If you need any other information please let me know.

UPDATE: I found a control character other than newline in the data at the beginning of each record. I was able to use local $/ = "\014"; (was looking for newlines or double newlines and not this character) to pull the data into a variable one record at a time. I then split the data using my @lines = split /\n/, $record; into an array with one line per.

So now I believe I can pass the array to a subroutine, perform the checks and changes I need to on each of the lines, write the line out to a csv file and then move to the next record.

Replies are listed 'Best First'.
Re: Parsing a Formatted Text File
by choroba (Cardinal) on Mar 23, 2015 at 14:49 UTC
    Yes, reading 58 lines to an array is the best solution I can think of. The code doesn't seem to be ugly (but ugliness is in the eye of the beholder):
    #!/usr/bin/perl use warnings; use strict; while (not eof) { my @lines = map scalar <>, 1 .. 58; # Process the record. }

    Update: Simplified as per Re^2: Parsing a Formatted Text File. Thanks, the unnamed one.

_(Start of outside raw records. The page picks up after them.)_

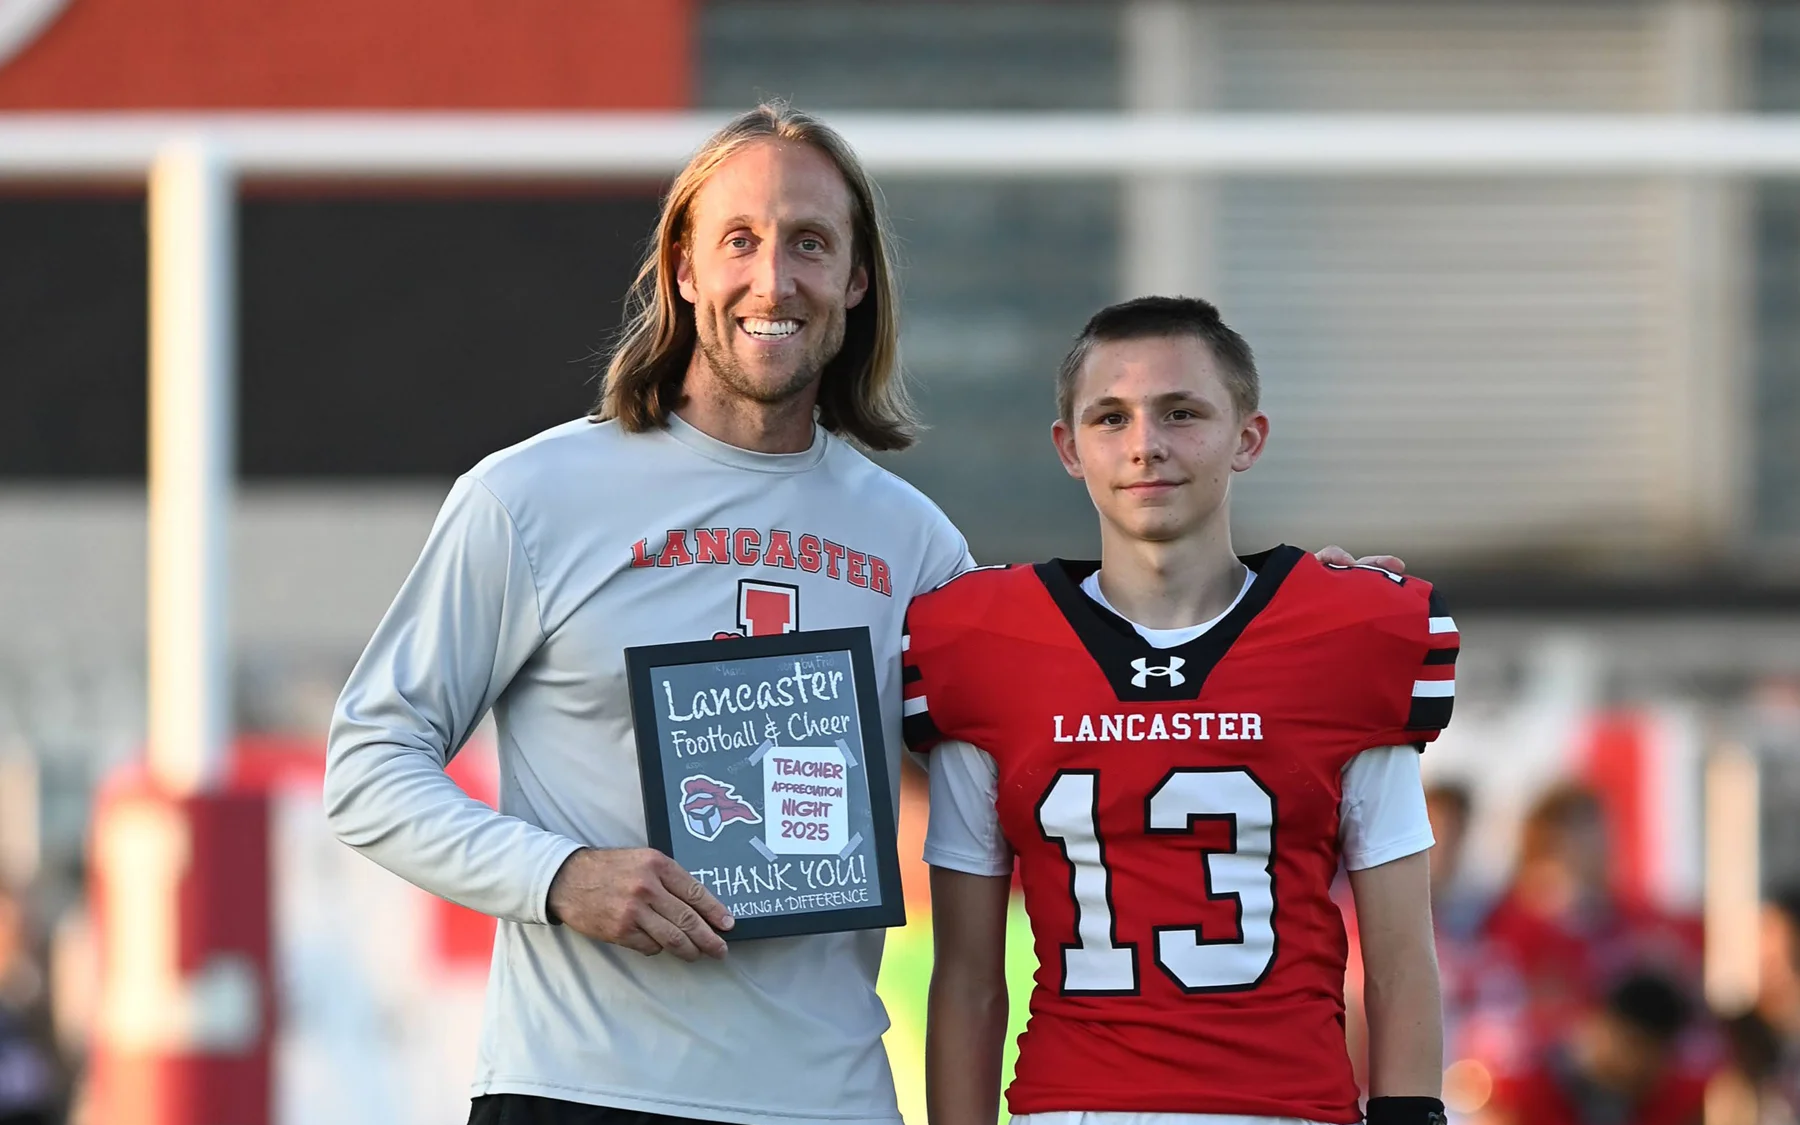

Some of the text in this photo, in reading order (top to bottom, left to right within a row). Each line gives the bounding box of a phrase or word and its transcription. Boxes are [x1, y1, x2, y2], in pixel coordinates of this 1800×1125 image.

[630, 528, 893, 597] LANCASTER
[662, 661, 844, 722] Lancaster
[671, 711, 850, 758] Football & Cheer
[1053, 713, 1264, 742] LANCASTER
[772, 757, 844, 780] TEACHER
[771, 780, 843, 798] APPRECIATION
[781, 798, 834, 818] NIGHT
[781, 820, 829, 841] 2025
[689, 854, 868, 897] THANK YOU!
[1034, 766, 1279, 996] 13
[728, 888, 869, 918] AKING A DIFFERENCE

    لսႽ† ᥲᥒ⚪⟊Ⴙᘓᖇ Ꮅᘓᖇ⎱ Ⴙᥲ𝇋ƙᘓᖇ

      No need for the push.

      my @lines = map scalar <>, 1 .. 58;

      Not so much ugly as nit-picky.

      There are templating modules to help you produce formatted reports like this one; are there ones to help you read them?

      Dum Spiro Spero
      So after pushing the lines into the array would it make since to then call a subroutine to pull the data needed out of the array then write it out to the csv file since each array would equate to one record which will equate to one line in the csv file?
Re: Parsing a Formatted Text File
by GotToBTru (Prior) on Mar 23, 2015 at 14:51 UTC

    One of the keys in processing files like this is knowing how confident you can be in the location of any piece of data. The most likely thing to mess this up would be data that exceeds its usual field size and causes an extra line in the output. Or data missing that results in a shorter document than you expect. You have very few fields with tags to help you identify them, so position is going to be how you identify what you're seeing at any given location in the document. I would use regexes and code very defensively, making sure dates look like dates, phone numbers like phone numbers, prices like prices.

    Dum Spiro Spero

      Huge fan of defensive coding.

      I saw the "skip 58 lines" concept above and shuddered. More war stories than I can count stem from inheriting that kind of blind faith logic.

      Give me something -- anything I can rely on -- in the data itself, and the shakes subside.

      I know it works. It works a lot. But it also fails a lot. Line counting for me is a tool of last resort unless I can be convinced the data format is solid.

      And I'm a hard sell in that department. Too many war wounds.

      :: shudder ::

      I would say overall because I know our client has a program that is outputting these files that the positioning will be fairly good but I am absolutely prepped to regex the crap out of the fields that I can because that formatting is human controlled and on the other end of the process that formatting will matter.
Re: Parsing a Formatted Text File
by hdb (Monsignor) on Mar 23, 2015 at 15:26 UTC

    If you have a treatment for each line of the report you could also put them into an array of subs and then use the % operator to call them one by one:

    use strict; use warnings; use Data::Dumper; my @subs; $subs[ 8 ] = sub { $_[0]->{'return1'} = substr $_[1], 0, 39 }; $subs[ 9 ] = sub { $_[0]->{'return2'} = substr $_[1], 0, 39 }; $subs[ 10 ] = sub { $_[0]->{'return3'} = substr $_[1], 0, 39 }; $subs[ 11 ] = sub { $_[0]->{'return4'} = substr $_[1], 0, 39 }; my @csv; while(<DATA>){ chomp; push @csv, {} if 1 == $. % 58; $subs[$. % 58]( $csv[-1], $_ ) if defined $subs[$. % 58]; } print Dumper \@csv; __DATA__ 06 01720168-00000000257980 123 S Somewhere HWY 192 172016-8 Company NATURAL GAS CO., INC. Business P O BOX 1547 123 Road Dr. Town ST 12345 SUITE# 1234 Town, ST 12345

    Be aware, that the sub for the 58th line would be $subs[0]. If there is no action for a line, no sub needs to be specified.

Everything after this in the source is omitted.